Abstract We probed the interaction forces between di-block co-polymer covered oil-in-water nanoemulsion droplets in the presence of monovalent, divalent and trivalent chloride salts using equilibrium force-distance measurements to understand the effect of hydrated ionic environment on the adsorbed macromolecular conformation. Without added cations, the force-distance curve decays exponentially with a characteristic decay length comparable to the polymer radius of gyration (R g ). With 5 mM concentrations of Na + , Ca 2+ and Fe 3+ cations, the decay lengths were found to be ∼0.9, 0.8 and 0.6 R g , respectively. The interdroplet spacing at the minimum measurable repulsive force (≈10 −13 N) in the presence of Na + , Ca 2+ and Fe 3+ cations at 0.24 mM were 76.6, 70.5 and 54 nm, respectively for PVA-Vac (molecular weight 40000) stabilized emulsion. On increasing the cation concentration and valency, a dramatic decrease in the onset repulsion was observed.
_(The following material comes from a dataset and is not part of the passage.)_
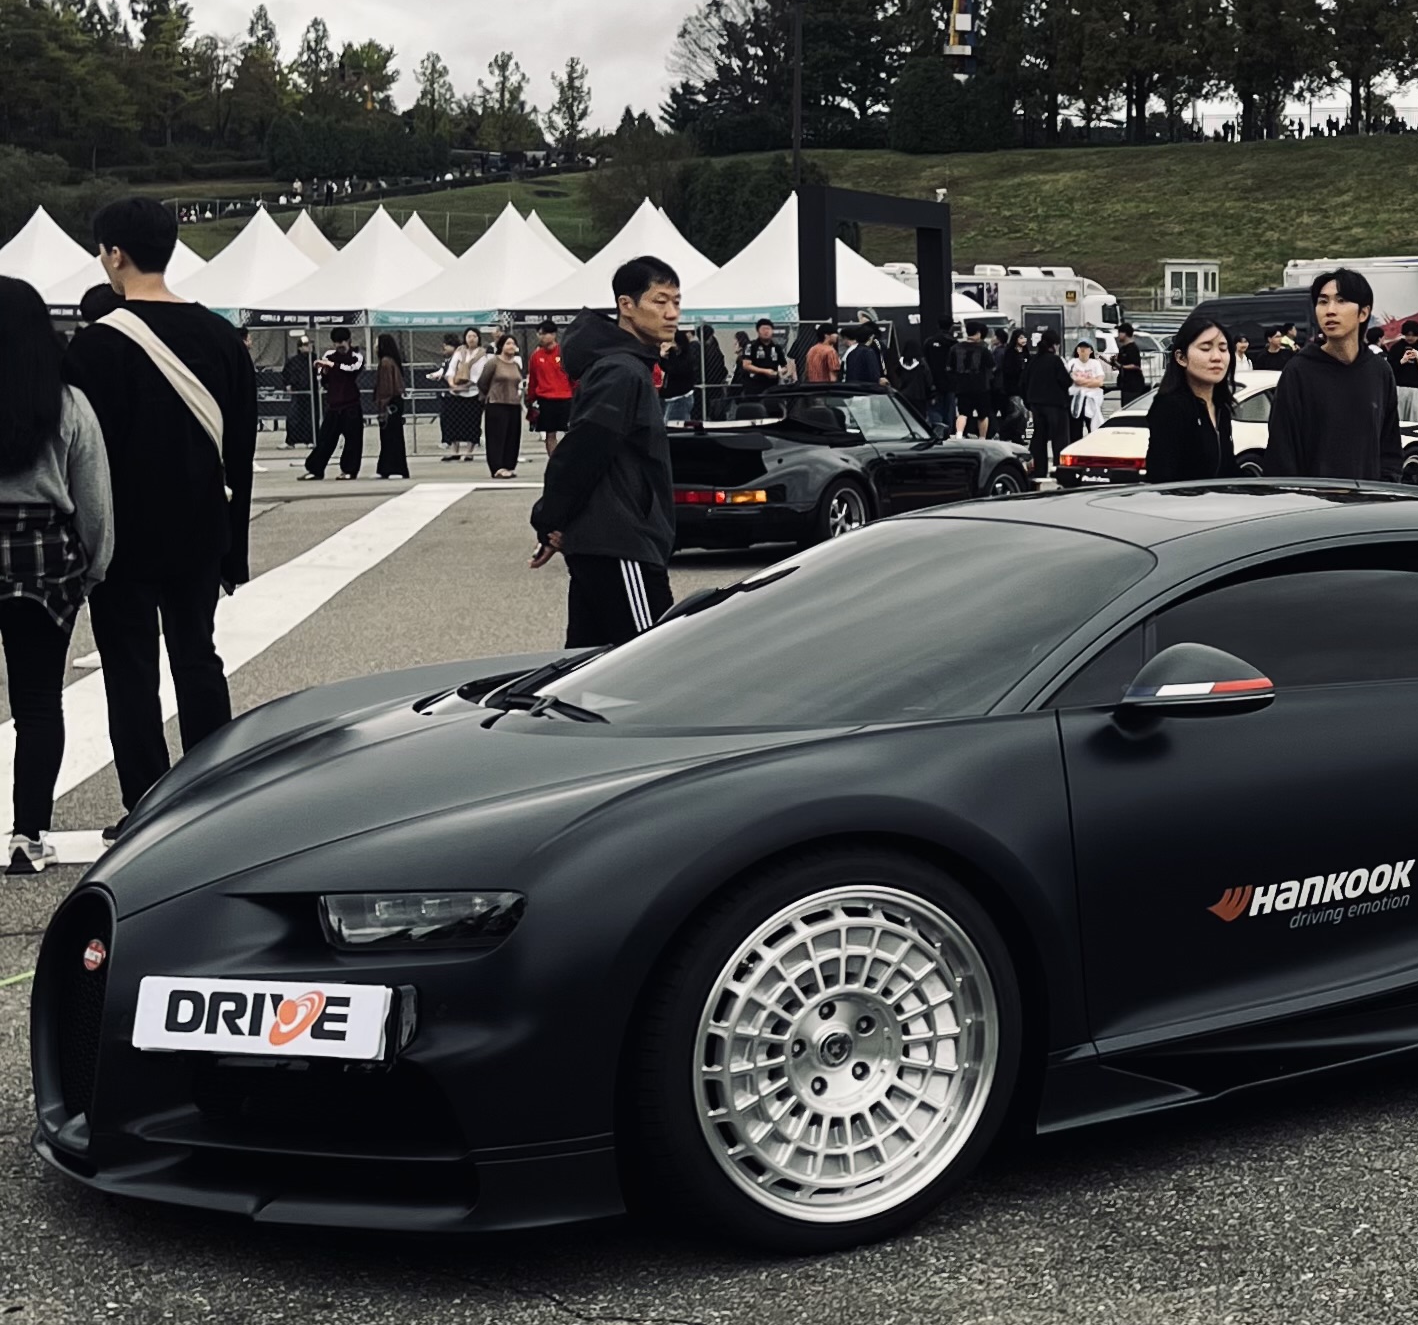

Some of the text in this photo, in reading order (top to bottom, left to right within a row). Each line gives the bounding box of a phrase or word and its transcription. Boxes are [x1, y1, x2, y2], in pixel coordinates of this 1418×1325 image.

[1289, 894, 1411, 929] driving emotion
[165, 989, 351, 1046] DRIVE
The observed change in the force parameters with increasing cation concentrations and valency suggests a collapsed conformation of polymers at O/W interface in the presence of hydrated ionic surface structures due to the strong coulombic attraction between cations and oxygen, leading to bridging of PVA chain segments. However, the hydrated ion environment has not resulted in the total displacement of adsorbed polymers. Similar experimental results were observed with Ni 2+ , Mn 2+ cations and PVA-Vac of higher molecular weight. Finally, the correlation between the onset of repulsion and the hydration thermodynamic properties of cations are compared and the possible mechanisms for cation–polymer interactions are discussed. Our results provide several new insights into ion-macromolecular interactions that may find useful applications in the design of multi-scale biological systems and industrial formulations.